RECORD EXCERPTS.
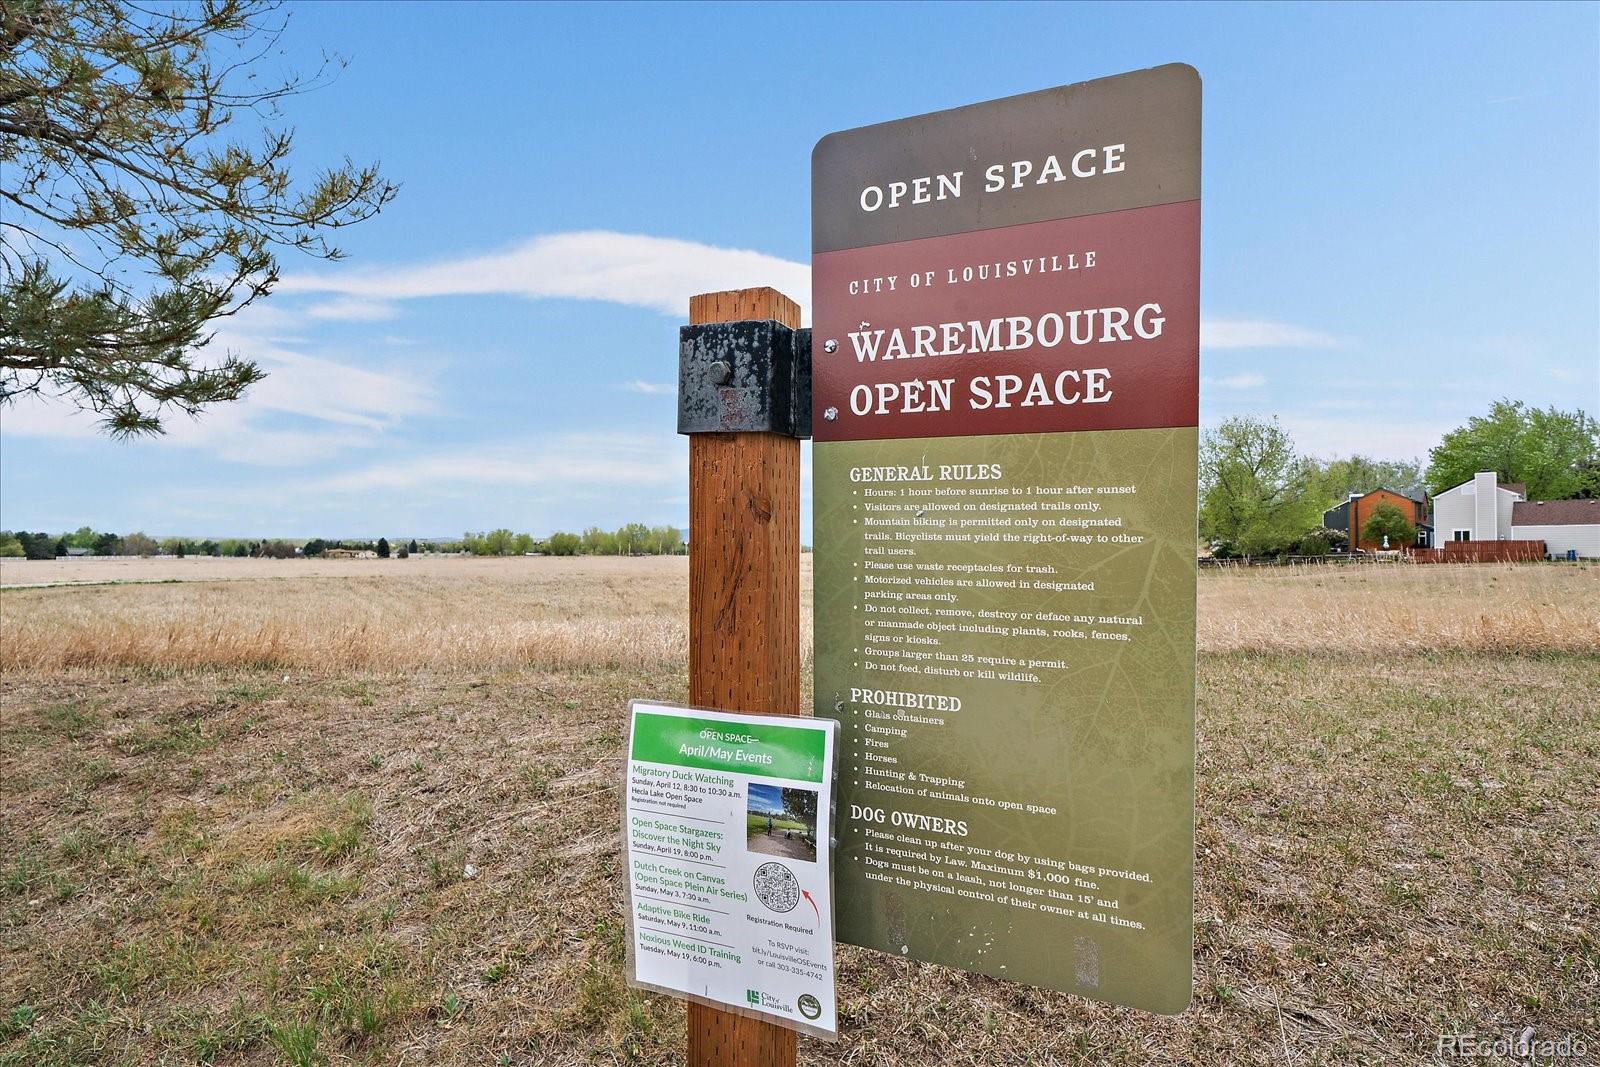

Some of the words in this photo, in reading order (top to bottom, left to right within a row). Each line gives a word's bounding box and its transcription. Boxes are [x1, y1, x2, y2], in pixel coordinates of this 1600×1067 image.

[860, 172, 963, 211] OPEN
[985, 144, 1124, 192] SPACE
[849, 275, 897, 294] CITY
[910, 271, 934, 287] OF
[947, 251, 1095, 283] LOUISVILLE
[847, 302, 1165, 363] WAREMBOURG
[850, 379, 955, 415] OPEN
[968, 368, 1112, 408] SPACE
[849, 465, 933, 482] GENERAL
[938, 464, 1001, 480] RULES
[864, 488, 896, 496] Hours:
[900, 488, 904, 496] 1
[908, 487, 932, 496] hour
[934, 487, 966, 495] before
[968, 486, 1008, 495] sunrise
[1011, 486, 1022, 495] to
[1026, 486, 1031, 494] 1
[1035, 486, 1063, 494] hour
[1065, 485, 1093, 494] after
[1096, 485, 1136, 494] sunset
[864, 546, 884, 554] trail
[864, 561, 894, 569] Please
[915, 562, 944, 570] waste
[946, 563, 1003, 573] receptacles
[1006, 563, 1022, 572] for
[1025, 564, 1057, 573] trash.
[864, 575, 911, 584] Motorized
[914, 577, 954, 586] vehicles
[975, 578, 1016, 588] allowed
[1019, 579, 1030, 588] in
[1033, 580, 1094, 591] designated
[864, 590, 903, 600] parking
[934, 592, 958, 603] only.
[864, 633, 890, 643] signs
[906, 635, 940, 645] kiosks.
[850, 688, 961, 711] PROHIBITED
[699, 730, 723, 740] OPEN
[864, 723, 907, 737] Camping
[678, 743, 733, 761] April/May
[735, 749, 772, 764] Events
[864, 738, 888, 748] Fires
[864, 752, 897, 763] Horses
[631, 776, 654, 787] Sunday,
[655, 780, 671, 789] April
[683, 783, 698, 792] 8:30
[698, 786, 706, 794] to
[708, 787, 727, 796] 10:30
[632, 765, 670, 779] Migratory
[672, 770, 692, 781] Duck
[694, 773, 733, 788] Watching
[864, 766, 905, 780] Hunting
[907, 771, 916, 780] &
[918, 773, 965, 788] Trapping
[649, 789, 664, 798] Lake
[665, 791, 682, 800] Open
[683, 794, 702, 803] Space
[865, 780, 914, 794] Relocation
[916, 788, 927, 796] of
[929, 791, 969, 802] animals
[971, 797, 995, 806] onto
[997, 800, 1023, 810] open
[1026, 804, 1056, 814] space
[631, 817, 652, 828] Open
[654, 820, 677, 832] Space
[679, 825, 723, 839] Stargazers:
[850, 804, 885, 823] DOG
[890, 811, 967, 836] OWNERS
[632, 830, 665, 842] Discover
[666, 835, 680, 845] the
[682, 838, 704, 849] Night
[706, 841, 721, 853] Sky
[632, 840, 655, 851] Sunday,
[656, 845, 671, 854] April
[672, 848, 682, 856] 19,
[683, 849, 698, 858] 8:00
[865, 828, 894, 840] Please
[896, 834, 921, 845] clean
[924, 839, 937, 849] up
[940, 841, 964, 851] after
[966, 846, 991, 856] your
[994, 849, 1014, 861] dog
[1016, 852, 1030, 864] by
[1033, 857, 1065, 869] using
[1068, 860, 1095, 873] bags
[1098, 867, 1152, 882] provided.
[633, 860, 657, 872] Dutch
[658, 865, 682, 876] Creek
[683, 871, 694, 879] on
[695, 871, 725, 885] Canvas
[864, 842, 872, 851] It
[874, 844, 883, 853] is
[885, 847, 927, 860] required
[929, 852, 941, 864] by
[944, 855, 967, 867] Law.
[970, 860, 1024, 876] Maximum
[1027, 869, 1069, 884] $1,000
[1074, 877, 1099, 890] fine.
[634, 872, 657, 883] (Open
[659, 876, 682, 888] Space
[684, 881, 704, 892] Plein
[706, 885, 718, 895] Air
[719, 888, 747, 902] Series)
[635, 883, 658, 894] Sunday,
[659, 887, 673, 897] May
[674, 890, 680, 898] 3,
[681, 891, 696, 901] 7:30
[697, 896, 710, 904] a.m.
[637, 902, 671, 916] Adaptive
[673, 909, 690, 920] Bike
[692, 912, 710, 924] Ride
[637, 912, 665, 925] Saturday,
[666, 918, 680, 928] May
[681, 921, 688, 930] 9,
[689, 923, 707, 933] 11:00
[746, 914, 783, 928] Registration
[784, 922, 813, 935] Required
[639, 932, 670, 946] Noxious
[672, 938, 695, 951] Weed
[697, 944, 706, 954] ID
[708, 947, 741, 964] Training
[639, 943, 665, 955] Tuesday,
[666, 948, 680, 959] May
[682, 952, 691, 962] 19,
[692, 955, 707, 964] 6:00
[707, 960, 721, 968] p.m.
[767, 939, 775, 947] To
[776, 941, 793, 951] RSVP
[776, 963, 822, 980] 303-335-4742
[761, 992, 777, 1002] City
[761, 999, 794, 1013] Louisville

WHAT TO WORK ON. Every record is to be reproduced exactly, with no pictures included.

EXERCISE OUTPUT.
Some of the words in this photo, in reading order (top to bottom, left to right within a row). Each line gives a word's bounding box and its transcription. Boxes are [x1, y1, x2, y2], in pixel coordinates of this 1600×1067 image.

[860, 172, 963, 211] OPEN
[985, 144, 1124, 192] SPACE
[849, 275, 897, 294] CITY
[910, 271, 934, 287] OF
[947, 251, 1095, 283] LOUISVILLE
[847, 302, 1165, 363] WAREMBOURG
[850, 379, 955, 415] OPEN
[968, 368, 1112, 408] SPACE
[849, 465, 933, 482] GENERAL
[938, 464, 1001, 480] RULES
[864, 488, 896, 496] Hours:
[900, 488, 904, 496] 1
[908, 487, 932, 496] hour
[934, 487, 966, 495] before
[968, 486, 1008, 495] sunrise
[1011, 486, 1022, 495] to
[1026, 486, 1031, 494] 1
[1035, 486, 1063, 494] hour
[1065, 485, 1093, 494] after
[1096, 485, 1136, 494] sunset
[864, 546, 884, 554] trail
[864, 561, 894, 569] Please
[915, 562, 944, 570] waste
[946, 563, 1003, 573] receptacles
[1006, 563, 1022, 572] for
[1025, 564, 1057, 573] trash.
[864, 575, 911, 584] Motorized
[914, 577, 954, 586] vehicles
[975, 578, 1016, 588] allowed
[1019, 579, 1030, 588] in
[1033, 580, 1094, 591] designated
[864, 590, 903, 600] parking
[934, 592, 958, 603] only.
[864, 633, 890, 643] signs
[906, 635, 940, 645] kiosks.
[850, 688, 961, 711] PROHIBITED
[699, 730, 723, 740] OPEN
[864, 723, 907, 737] Camping
[678, 743, 733, 761] April/May
[735, 749, 772, 764] Events
[864, 738, 888, 748] Fires
[864, 752, 897, 763] Horses
[631, 776, 654, 787] Sunday,
[655, 780, 671, 789] April
[683, 783, 698, 792] 8:30
[698, 786, 706, 794] to
[708, 787, 727, 796] 10:30
[632, 765, 670, 779] Migratory
[672, 770, 692, 781] Duck
[694, 773, 733, 788] Watching
[864, 766, 905, 780] Hunting
[907, 771, 916, 780] &
[918, 773, 965, 788] Trapping
[649, 789, 664, 798] Lake
[665, 791, 682, 800] Open
[683, 794, 702, 803] Space
[865, 780, 914, 794] Relocation
[916, 788, 927, 796] of
[929, 791, 969, 802] animals
[971, 797, 995, 806] onto
[997, 800, 1023, 810] open
[1026, 804, 1056, 814] space
[631, 817, 652, 828] Open
[654, 820, 677, 832] Space
[679, 825, 723, 839] Stargazers:
[850, 804, 885, 823] DOG
[890, 811, 967, 836] OWNERS
[632, 830, 665, 842] Discover
[666, 835, 680, 845] the
[682, 838, 704, 849] Night
[706, 841, 721, 853] Sky
[632, 840, 655, 851] Sunday,
[656, 845, 671, 854] April
[672, 848, 682, 856] 19,
[683, 849, 698, 858] 8:00
[865, 828, 894, 840] Please
[896, 834, 921, 845] clean
[924, 839, 937, 849] up
[940, 841, 964, 851] after
[966, 846, 991, 856] your
[994, 849, 1014, 861] dog
[1016, 852, 1030, 864] by
[1033, 857, 1065, 869] using
[1068, 860, 1095, 873] bags
[1098, 867, 1152, 882] provided.
[633, 860, 657, 872] Dutch
[658, 865, 682, 876] Creek
[683, 871, 694, 879] on
[695, 871, 725, 885] Canvas
[864, 842, 872, 851] It
[874, 844, 883, 853] is
[885, 847, 927, 860] required
[929, 852, 941, 864] by
[944, 855, 967, 867] Law.
[970, 860, 1024, 876] Maximum
[1027, 869, 1069, 884] $1,000
[1074, 877, 1099, 890] fine.
[634, 872, 657, 883] (Open
[659, 876, 682, 888] Space
[684, 881, 704, 892] Plein
[706, 885, 718, 895] Air
[719, 888, 747, 902] Series)
[635, 883, 658, 894] Sunday,
[659, 887, 673, 897] May
[674, 890, 680, 898] 3,
[681, 891, 696, 901] 7:30
[697, 896, 710, 904] a.m.
[637, 902, 671, 916] Adaptive
[673, 909, 690, 920] Bike
[692, 912, 710, 924] Ride
[637, 912, 665, 925] Saturday,
[666, 918, 680, 928] May
[681, 921, 688, 930] 9,
[689, 923, 707, 933] 11:00
[746, 914, 783, 928] Registration
[784, 922, 813, 935] Required
[639, 932, 670, 946] Noxious
[672, 938, 695, 951] Weed
[697, 944, 706, 954] ID
[708, 947, 741, 964] Training
[639, 943, 665, 955] Tuesday,
[666, 948, 680, 959] May
[682, 952, 691, 962] 19,
[692, 955, 707, 964] 6:00
[707, 960, 721, 968] p.m.
[767, 939, 775, 947] To
[776, 941, 793, 951] RSVP
[776, 963, 822, 980] 303-335-4742
[761, 992, 777, 1002] City
[761, 999, 794, 1013] Louisville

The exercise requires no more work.